A/C William Judson Clark
Sqdrn 5, Class 45-A
Cadet Detachment
Stewart Field
Newburgh, N. Y.

[Transcription begins]:
Monday

Dearest Judson,

Honey, I miss you so. Just woke up a few seconds ago and I’m still half asleep. Golly, honey, I hope that you got some sleep last night because you really seemed tired. Please try to get as much sleep this week as you can so that you won’t get too tired when we stay out late during Christmas.

Oh, honey, I just thought of something last night on the train. Maybe Ace could use his family’s car a few times while he’s home. That would help us because I’m almost positive, honey, that daddy won’t let you use our car. He’d drive us almost anyplace but he’s funny about lending it to anyone. He’s often said he never would even to his best friend.

Darling, Christmas is just a week from today. It just doesn’t seem possible that a week from today will really be Christmas.

Well, hon, I’ve just about decided to wait until after Christmas before I go & look for a job. I’ll sleep a lot, it says here, and do a lot of the things I’ve been putting off for so long like addressing my Christmas cards. That I’ll have to do today. Then tomorrow I’ll either go Christmas shopping or fix my clothes. Well, anyhow, I’ve got enough to keep me busy for quite a while so looks as though I’ll wait until after Christmas.

Golly, honey, I love you so. Every time I see you I fall in love with you all over again and always twice as much as before.

Darling, we really should wait until March I know that but, honestly, it seems so silly to waste all that time. We could be together for the next two months instead of not seeing each other at all. Honey, Ill miss you so. Don’t you think that I’ll be able to come down just once to see you? Darling, two months and a couple of weeks really doesn’t seem long but when I think of not seeing you for that length of time it seems like a few thousand years.

It won’t be so bad for you because you’ll be at a new field and be busy all the time but I’ll be so lonesome. Guess that I’ll be pretty busy, too. Buying clothes and stuff. It just doesn’t seem as though March would ever get here.

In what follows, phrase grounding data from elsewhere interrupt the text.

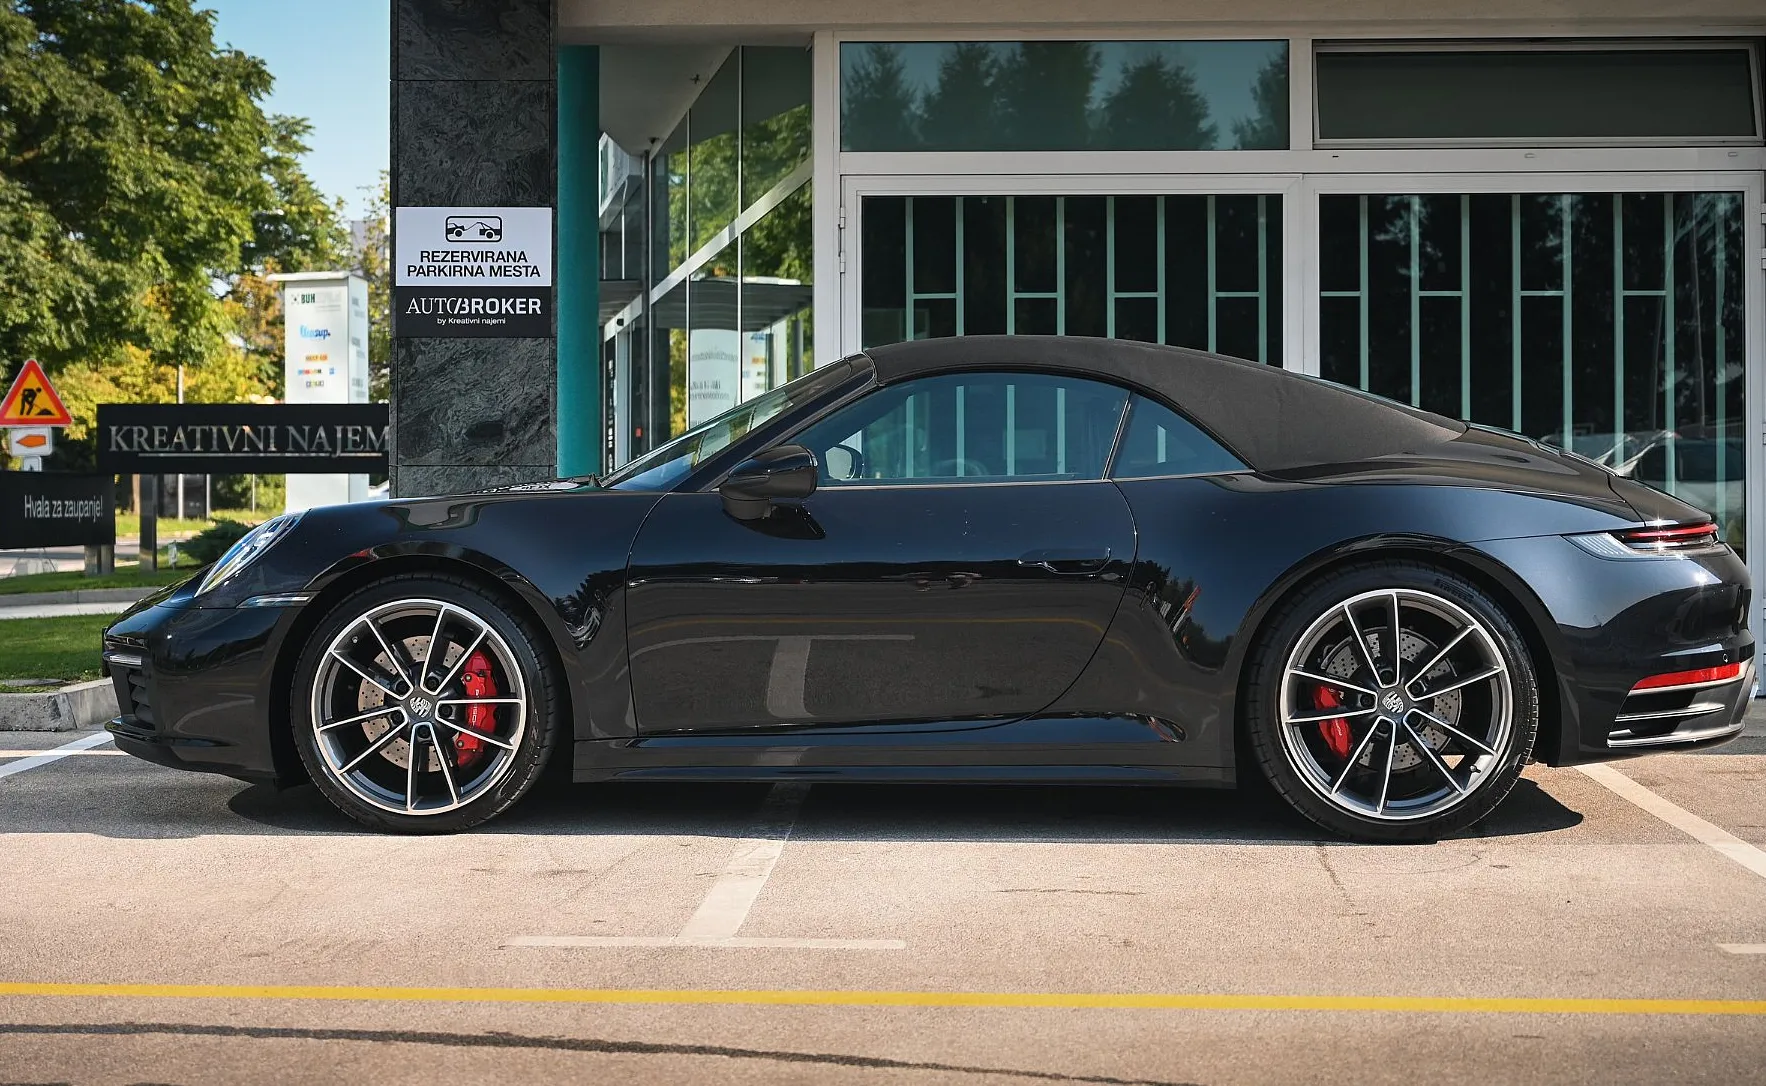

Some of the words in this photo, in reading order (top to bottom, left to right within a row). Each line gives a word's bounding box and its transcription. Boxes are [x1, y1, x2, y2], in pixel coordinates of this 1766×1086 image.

[420, 250, 528, 263] REZERVIRANA
[407, 265, 485, 277] PARKIRNA
[489, 265, 541, 277] MESTA
[437, 318, 446, 326] by
[448, 317, 480, 325] Kreativni
[481, 317, 506, 326] najemi
[108, 425, 277, 451] KREATIVNI
[24, 494, 50, 518] Hvala
[52, 499, 63, 518] za
[64, 495, 103, 523] zaupanje!

Do you get your wings on the eleventh or the fiftheenth (now that isn’t right—how do you spell 15th?) Anyway when will you get them. Will it be on a weekday or weekend. It won’t make any difference to me because I’ll be able to come down at any time but if it’s on the weekend then maybe Woody can come too.

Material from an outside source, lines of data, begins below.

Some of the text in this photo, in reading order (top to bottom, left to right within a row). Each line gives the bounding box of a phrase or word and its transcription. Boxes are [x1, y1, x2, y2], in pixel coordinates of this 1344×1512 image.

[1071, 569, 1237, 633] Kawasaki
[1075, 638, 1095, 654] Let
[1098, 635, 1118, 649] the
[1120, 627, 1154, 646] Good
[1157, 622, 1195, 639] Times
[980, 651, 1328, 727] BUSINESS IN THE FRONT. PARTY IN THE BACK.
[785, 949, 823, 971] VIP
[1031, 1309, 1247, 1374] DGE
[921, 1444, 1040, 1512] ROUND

Golly, hon, I hope that Maxwell Field comes through with your orders & you get a delay.

Before I forget, honey, ask Steve if he’d like to come to dinner on Sunday. After all if he isn’t going home, he certainly wouldn’t like to eat on the post or someplace like that. He probably won’t have too sharp a time but there will be quite a crowd & we’re having turkey so tell him to be sure & come if he’d like to. Woody won’t be here but there’ll be enough of your family here to keep him occupied. I hate to think of anyone spending Christmas away from their family & friends. I’m so glad you’re going to be home darling. But to get back to Steve, be sure & ask him to come down because my family would love to have him for dinner.

Gee, honey, this weekend went to awfully fast. I love you so. It was awful to not be able to see you after ten. The Army certainly isn’t very thoughtful about things like that.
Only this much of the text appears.